### Required action
Each entry below is to be returned exactly, with any pictures left out.

### Given data
┌────────
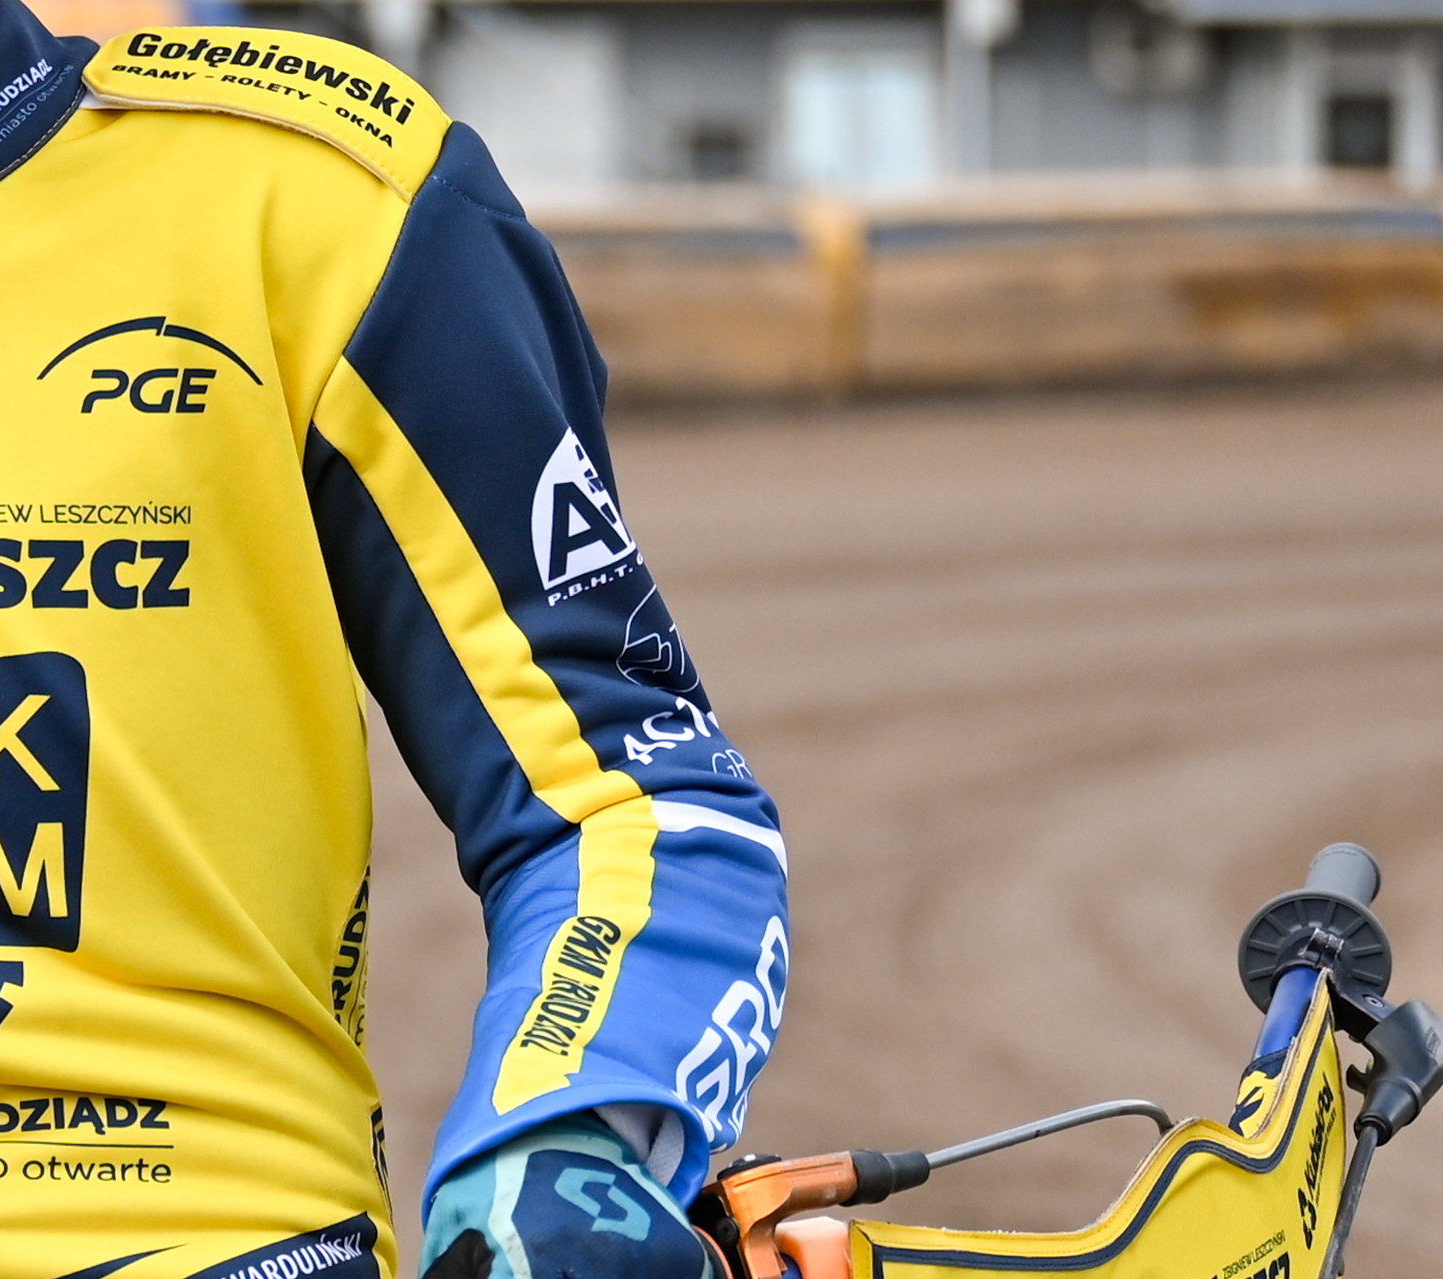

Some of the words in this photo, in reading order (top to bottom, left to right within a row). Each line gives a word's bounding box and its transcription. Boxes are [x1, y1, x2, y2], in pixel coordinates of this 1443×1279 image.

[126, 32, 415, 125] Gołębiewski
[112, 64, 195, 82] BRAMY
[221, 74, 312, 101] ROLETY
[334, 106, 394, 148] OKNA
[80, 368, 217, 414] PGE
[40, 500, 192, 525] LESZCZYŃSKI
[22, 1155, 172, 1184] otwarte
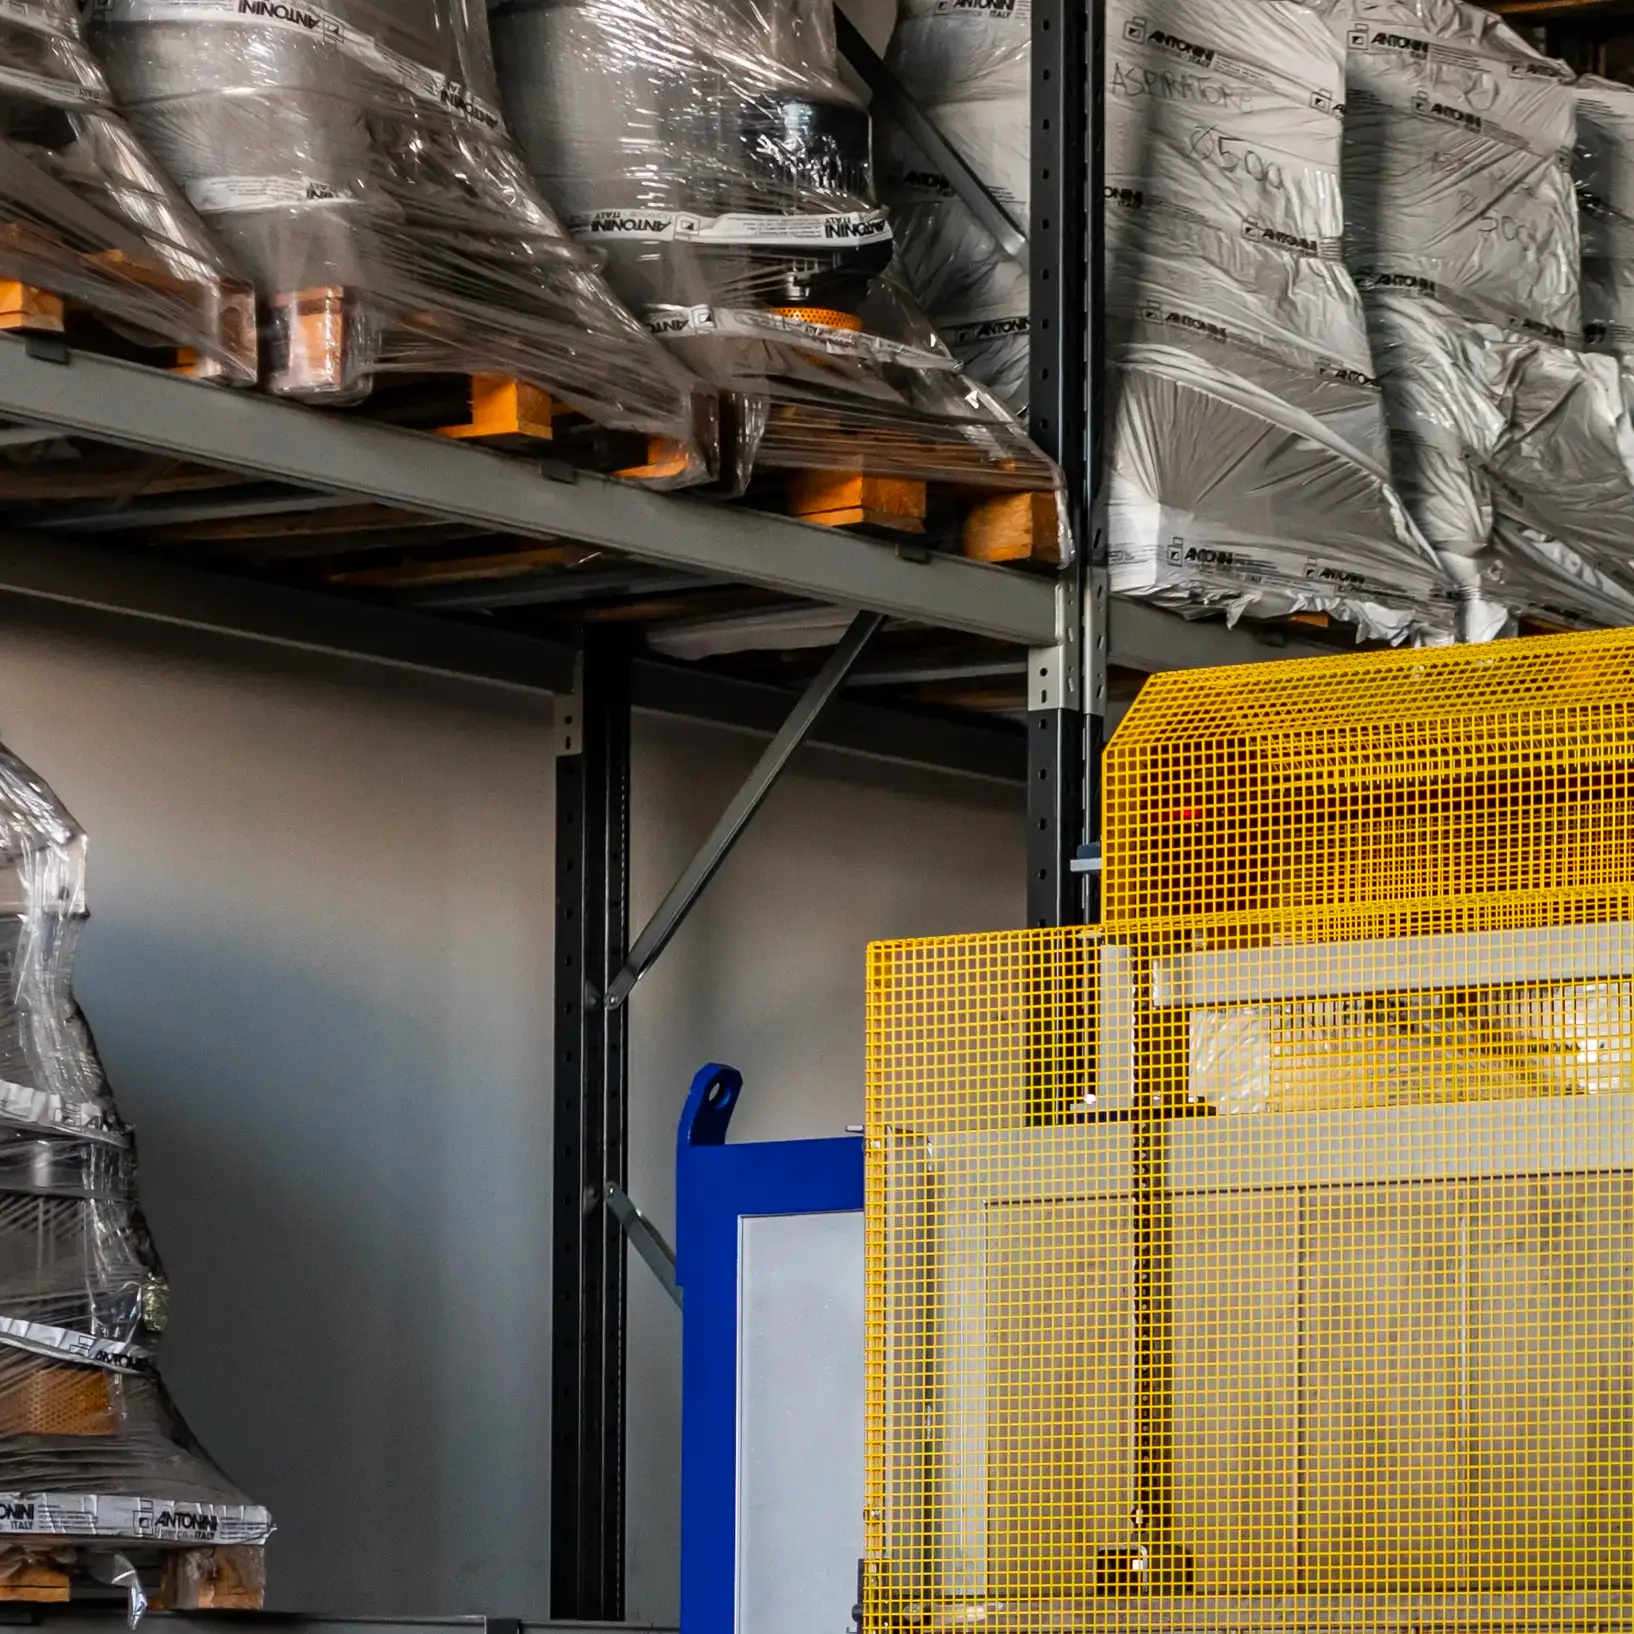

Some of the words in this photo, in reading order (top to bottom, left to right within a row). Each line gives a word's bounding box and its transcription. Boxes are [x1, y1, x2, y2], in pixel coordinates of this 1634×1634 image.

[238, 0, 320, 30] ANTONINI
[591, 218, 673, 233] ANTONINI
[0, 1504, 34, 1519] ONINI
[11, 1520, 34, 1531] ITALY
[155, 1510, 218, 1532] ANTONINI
└────────
### Exercise result
Some of the words in this photo, in reading order (top to bottom, left to right within a row). Each line gives a word's bounding box and its transcription. Boxes are [x1, y1, x2, y2], in pixel coordinates of this 1443×1279 image.

[126, 32, 415, 125] Gołębiewski
[112, 64, 195, 82] BRAMY
[221, 74, 312, 101] ROLETY
[334, 106, 394, 148] OKNA
[80, 368, 217, 414] PGE
[40, 500, 192, 525] LESZCZYŃSKI
[22, 1155, 172, 1184] otwarte

Some of the words in this photo, in reading order (top to bottom, left to right within a row). Each line gives a word's bounding box and its transcription. Boxes are [x1, y1, x2, y2], in pixel coordinates of this 1634×1634 image.

[238, 0, 320, 30] ANTONINI
[591, 218, 673, 233] ANTONINI
[0, 1504, 34, 1519] ONINI
[11, 1520, 34, 1531] ITALY
[155, 1510, 218, 1532] ANTONINI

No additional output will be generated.